Your assignment: Every record below is to be retyped exactly, with the pictures left out.

Data section:

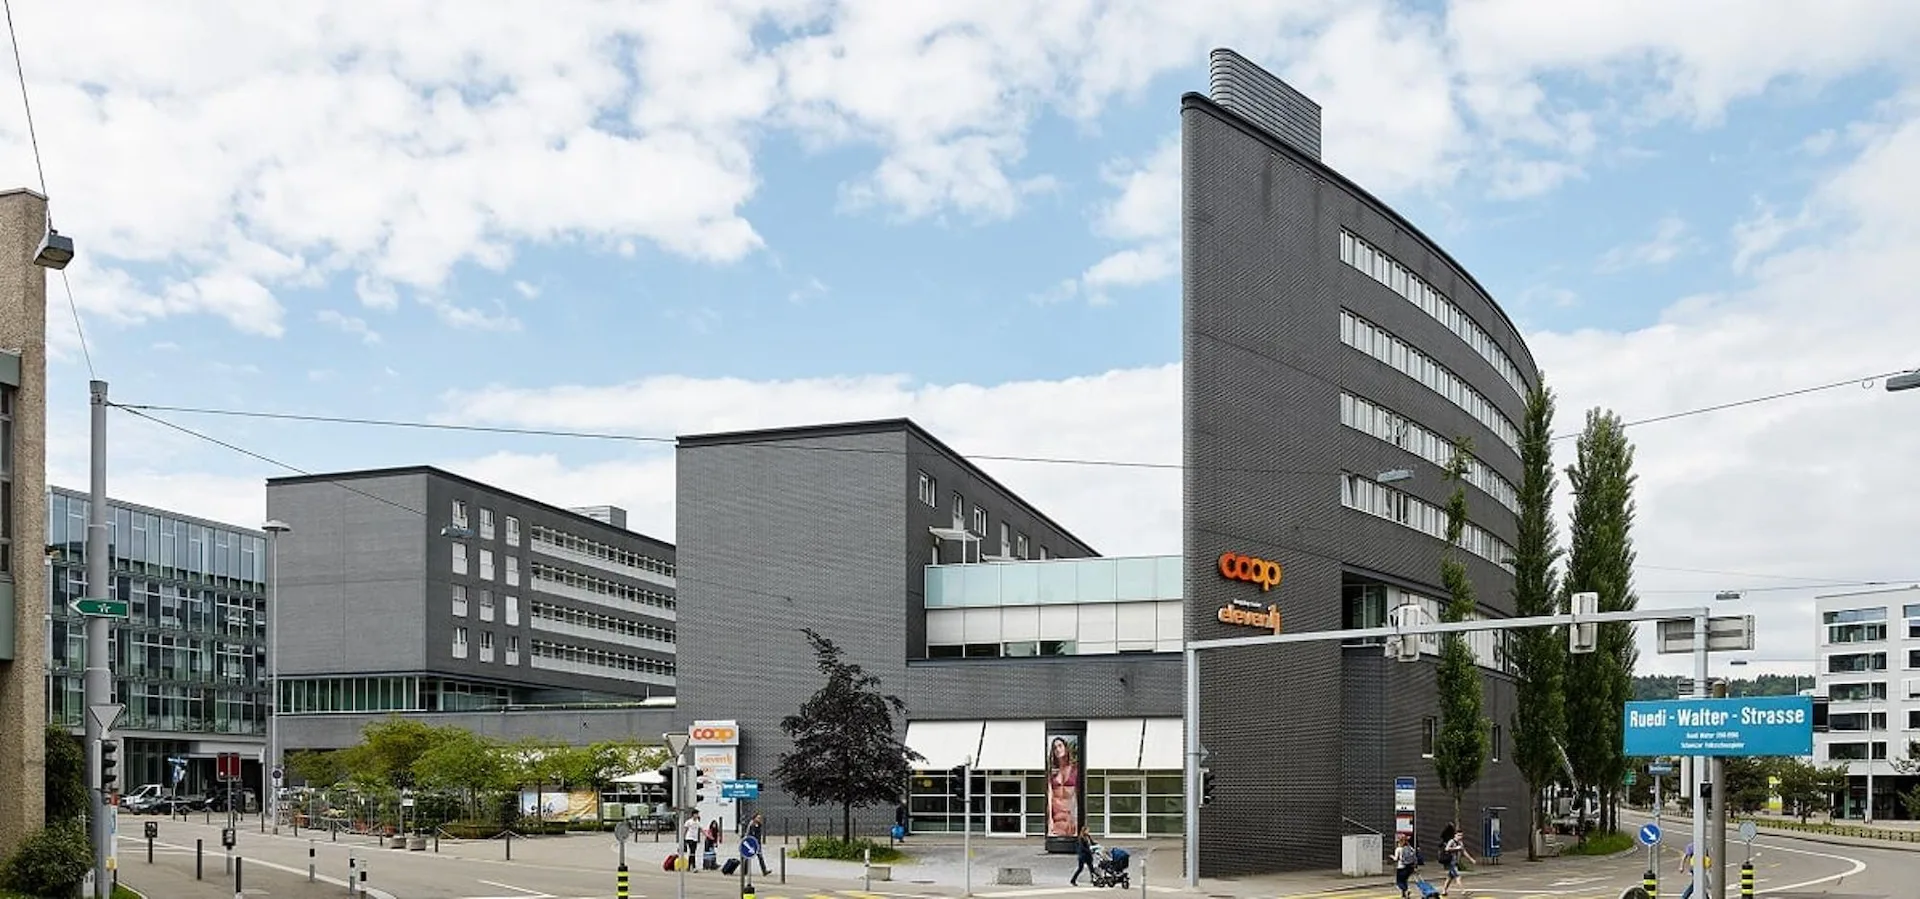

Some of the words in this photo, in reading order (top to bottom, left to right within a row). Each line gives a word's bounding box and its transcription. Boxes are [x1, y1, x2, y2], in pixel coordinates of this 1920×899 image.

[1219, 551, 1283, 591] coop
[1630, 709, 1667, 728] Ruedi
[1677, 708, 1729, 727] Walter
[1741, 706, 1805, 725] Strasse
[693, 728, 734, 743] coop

Exercise answer:
Some of the words in this photo, in reading order (top to bottom, left to right within a row). Each line gives a word's bounding box and its transcription. Boxes are [x1, y1, x2, y2], in pixel coordinates of this 1920×899 image.

[1219, 551, 1283, 591] coop
[1630, 709, 1667, 728] Ruedi
[1677, 708, 1729, 727] Walter
[1741, 706, 1805, 725] Strasse
[693, 728, 734, 743] coop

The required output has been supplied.